Currently, the entire element is being removed. Do you have an example at hands where your request would make sense? I'd have a look then.

cure53 · 2014-03-25T08:17:46Z

@codylindley Do you have a specific example on where and how you would need this feature? If not I would be tempted to close this ticket - cannot see a use-case right now.

codylindley · 2014-03-25T16:20:46Z

I'm actually not aware of a XXS tool that does not permit the configuration of leaving the text node while removing the element node. For example, I might not want to allow text wrapped with a span. I would think since DOMPurify can remove a span I should have the option to leave the text node inside of it, while removing the span. Make sense?

cure53 · 2014-03-26T11:13:00Z

@codylindley Kinda does ;) Now I am wondering: how would a config API look like? How would you expect to configure it from a developer's perceptive? if you give me a specific example, i can start thinking about an implementation - so far it's still a bit too vague.

codylindley · 2014-03-26T15:27:49Z

Have you seen js-xss?

Here is a look at how they filter out element nodes, but leave text nodes. And it's optional.
https://www.dropbox.com/s/haepbg2w8277dij/Screenshot%202014-03-26%2009.22.47.png

I would think this would be as simple as something like...

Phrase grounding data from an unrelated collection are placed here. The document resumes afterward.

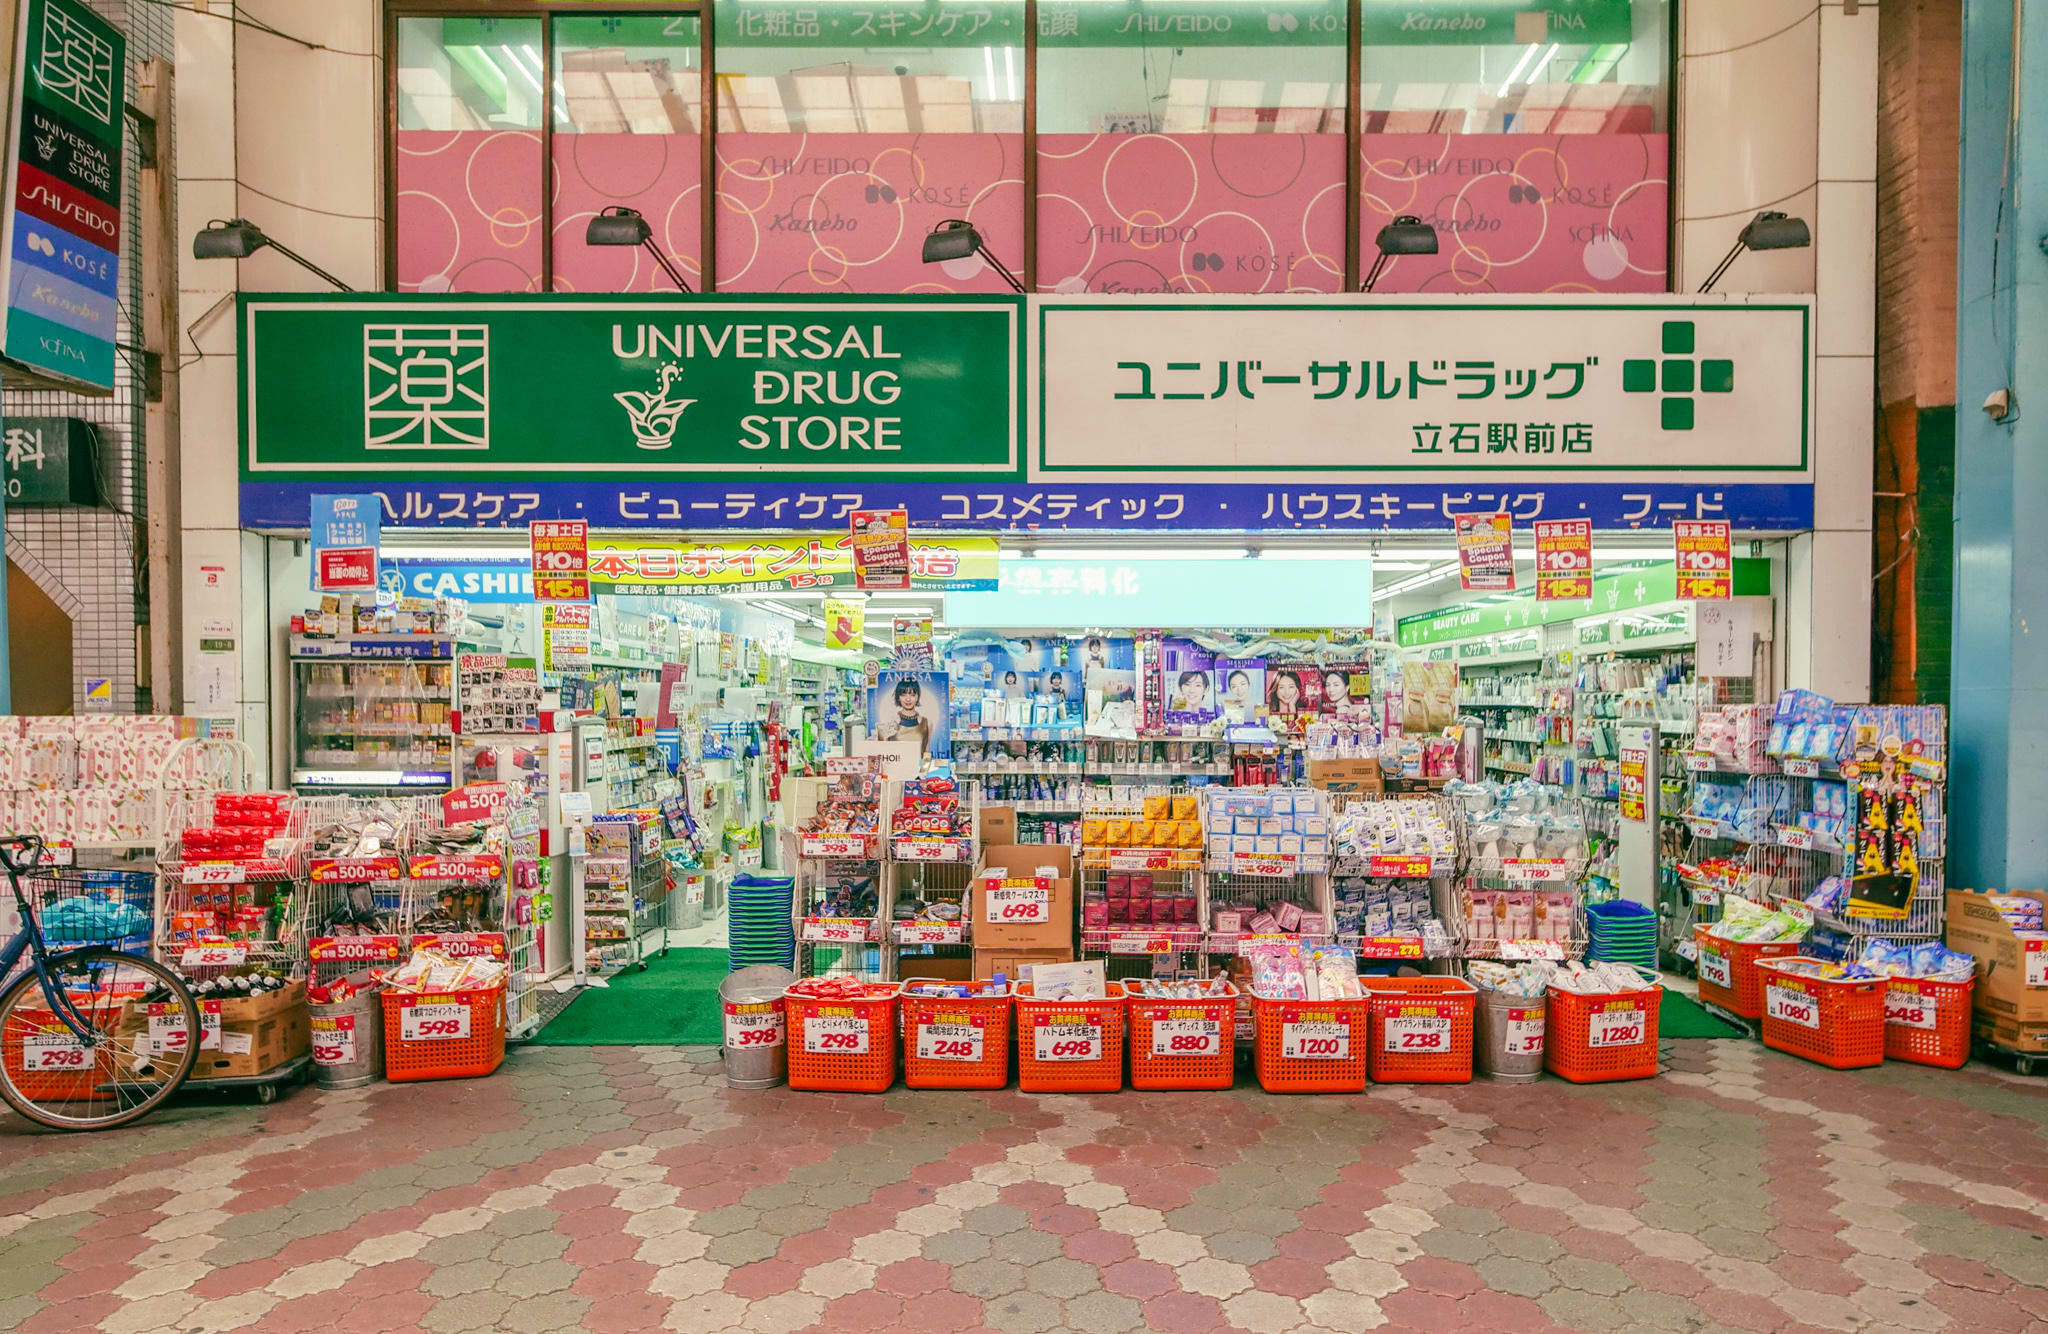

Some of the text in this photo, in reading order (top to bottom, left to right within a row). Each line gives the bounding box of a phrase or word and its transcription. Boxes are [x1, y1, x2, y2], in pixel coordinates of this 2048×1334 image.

[1115, 12, 1487, 33] SHISEIDO Kanebo
[34, 114, 110, 166] UNIVERSAL
[73, 149, 110, 178] DRUG
[756, 156, 870, 176] SHISEIDO
[1401, 156, 1515, 176] SHISEIDO
[69, 161, 110, 192] STORE
[22, 186, 115, 236] SHISEIDO
[769, 212, 858, 233] Kanebo
[1076, 226, 1198, 246] SHISEIDO
[1569, 223, 1634, 245] SOFINA
[32, 285, 100, 324] Kanebo
[40, 335, 85, 364] SOFINA
[612, 324, 902, 360] UNIVERSAL
[1114, 356, 1599, 400] ユニバーサルドラッグ
[738, 416, 902, 451] STORE
[1411, 422, 1594, 454] 立石駅前店
[372, 491, 1724, 520] ヘルスケア ビューティケア コスメティック ハウスキーピング フード
[534, 524, 583, 537] 毎週土日
[1537, 523, 1587, 536] 毎週土日
[1677, 524, 1727, 537] 毎週土日
[862, 543, 899, 555] Special
[863, 551, 901, 562] Coupon
[1467, 544, 1504, 556] Special
[1469, 551, 1506, 563] Coupon
[413, 571, 534, 595] CASHIE
[785, 574, 835, 589] 15倍
[1433, 612, 1480, 631] BEAUTY CARE
[1045, 639, 1076, 647] ANESSA
[885, 672, 932, 682] ANESSA
[822, 843, 848, 853] 398
[915, 848, 941, 857] 398
[202, 871, 231, 880] 197
[1256, 864, 1284, 874] 980
[1406, 863, 1428, 874] 258
[1522, 868, 1550, 878] 1780
[994, 890, 1045, 900] 新感覚クールマスク
[1002, 904, 1039, 918] 698
[823, 929, 849, 939] 398
[918, 932, 945, 941] 398
[200, 953, 228, 962] 85
[1399, 945, 1421, 956] 278
[1705, 965, 1725, 982] 798
[1778, 1002, 1811, 1022] 1080
[1884, 1005, 1924, 1023] 648
[418, 1020, 460, 1036] 598
[926, 1026, 979, 1037] 瞬間冷却スプレー
[1042, 1027, 1098, 1037] ハトムギ化粧水
[1602, 1025, 1640, 1042] 1280
[738, 1028, 777, 1045] 398
[820, 1033, 859, 1049] 298
[1170, 1035, 1209, 1051] 880
[1401, 1033, 1441, 1048] 238
[933, 1040, 973, 1056] 248
[1051, 1041, 1091, 1056] 698
[1299, 1038, 1339, 1054] 1200
[41, 1050, 84, 1067] 298

var clean = DOMPurify.sanitize(dirty, {
ALLOWED_TAGS: ['b', 'q'], 
ALLOWED_ATTR: ['style'],
KEEP_TEXT: true,
REMOVE_TEXT: ['script']
});

cure53 · 2014-03-26T16:02:57Z

Ah, that's a good example, Thx! And I didn't know that library yet. Your API suggestion is neat, sufficiently clean although I am not a big fan of the REMOVE_TEXT blacklist.

I'll have a look.

cure53 · 2014-03-27T19:53:50Z

@codylindley I had a look and I am tempted to reject this feature request.

So far I see only one way to do it safely, and that would involve iterating over the nodes twice instead of once. We'd first have to flag elements for deletion and then go over the tree again and remove them while having their harmless children and text nodes survive. And even then I believe we'd have to go from the deepest node upwards to the "thicker branches" which might end up in a performance killer. I am however open for alternative ways to solve it. If you have thoughts on that: appreciated!

However your request helped spotting a bug; DOMPurify was too intolerant about content starting with TextNode or consisting entirely of TextNode - that is being fixed, thx!

UltCombo · 2014-03-29T03:49:34Z

@cure53 I've been presented with this problem in a SO question where the user wanted to remove anchor elements, but keeping their text content. You can see my answer there with a couple ways to implement that, though I'm not sure if those are applicable to how DOM Purify works.

About performance: this option could be disabled by default, so there should be nearly no performance penalty, right?

I was actually going to recommend DOM Purify for the task in the question, then I got quite stumped that DOM Purify does not have an option to keep text nodes from removed elements yet.

Also, HTML Purifier keeps text nodes when removing not allowed tag names. Github and Stack Overflow's markdown editors also keep text nodes when removing unsafe tags.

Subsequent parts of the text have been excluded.